Brazil celebrate winning the World Cup in 1994
Brazil’s grizzled, pragmatic class of 1994, the least well-loved of the country’s five World Cup-winning sides. Photograph: Action Images/Action Images/Reuters

“There’s pressure,” he says, “but also the tranquility of knowing the opportunities that arise in life. Dreaming is part of life. We dream of having a great cup and being champion. And in case we cannot, to make the best of it, because there is only one winner. We are aware that there are other great teams who play at the same level as Brazil.”

Implicit in all this, perhaps, was a quiet rejection of the exceptionalism that has buttressed and ultimately bound many Brazil sides of the past. The most striking example of this was on home soil in 2014, when a hysterical Brazilian public discovered in the most crushing way that magic, fate and emotional fervour are no substitute for attention to detail and a vaguely functioning offside trap.

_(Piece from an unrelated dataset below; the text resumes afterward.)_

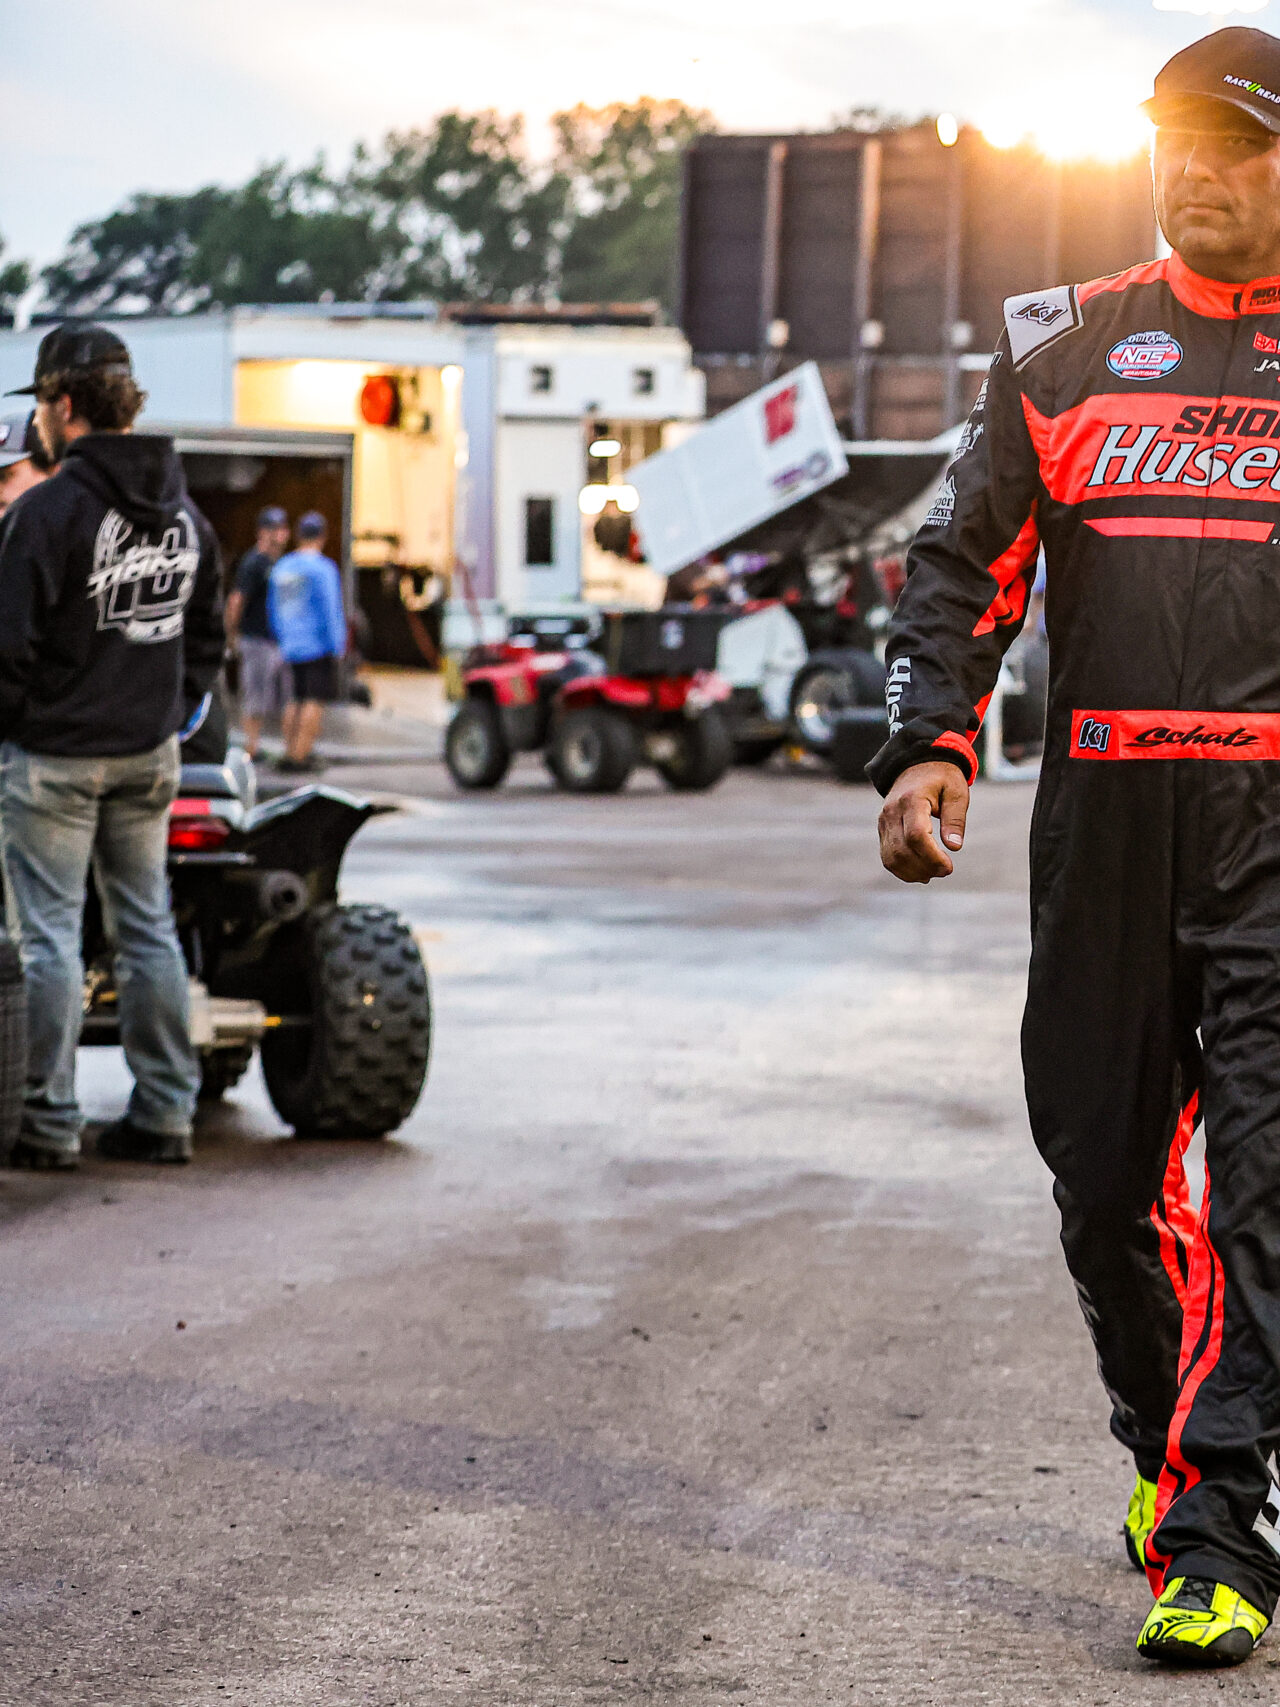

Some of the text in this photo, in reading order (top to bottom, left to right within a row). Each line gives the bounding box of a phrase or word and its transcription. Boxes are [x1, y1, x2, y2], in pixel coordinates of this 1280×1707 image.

[1118, 344, 1174, 365] NOS
[1078, 718, 1111, 752] K1
[1125, 725, 1260, 748] Schatz

Tite knows this, of course. He is, at heart, a details man: a thorough analyst of the game who likes to consider a problem from every angle, cover every contingency. In concert with his trusted assistant, Cléber Xavier, he has assembled a balanced, European-style side with less of the traditional Brazilian emphasis on marauding full-backs and totemic No 9s. Instead, an experienced defence will be shielded by Casemiro and two energetic wingers (probably Raphinha and Vinícius Júnior).

“I don’t believe in filling the side with attackers or defenders,” Tite said. “The balance point is midfield.” At which point Tite runs into the other strand of Brazilian self-mythology: style. It’s interesting to note that the last team to break a drought, Carlos Alberto Parreira’s 1994 side, are also the least cherished of Brazil’s five World Cup-winning sides. In part this is because of the absence of a popular figurehead like Pelé or Ronaldo, in part because of the way they did it: grizzled, pragmatic tournament football played with smarts and a snarl. “There are moments when the spectacle has to be sacrificed,” Johan Cruyff wrote of that team, and even Romário has admitted that Brazil’s tactics in the United States 28 years ago were not entirely to his liking.

And the curiously unloved status of that team encapsulates the delicate balancing act facing Tite here. In short: how far can he reconcile the two largely divergent goals of ending the drought and doing so in a way that feels authentically Brazilian? How much risk does he want to take on against an extremely dangerous Serbia team and their front two of Aleksandar Mitrovic and Dusan Vlahovic? Can they defend and dance at the same time? These are the pressing questions. You can guarantee that Tite has applied his considerable intellect to working out the answers.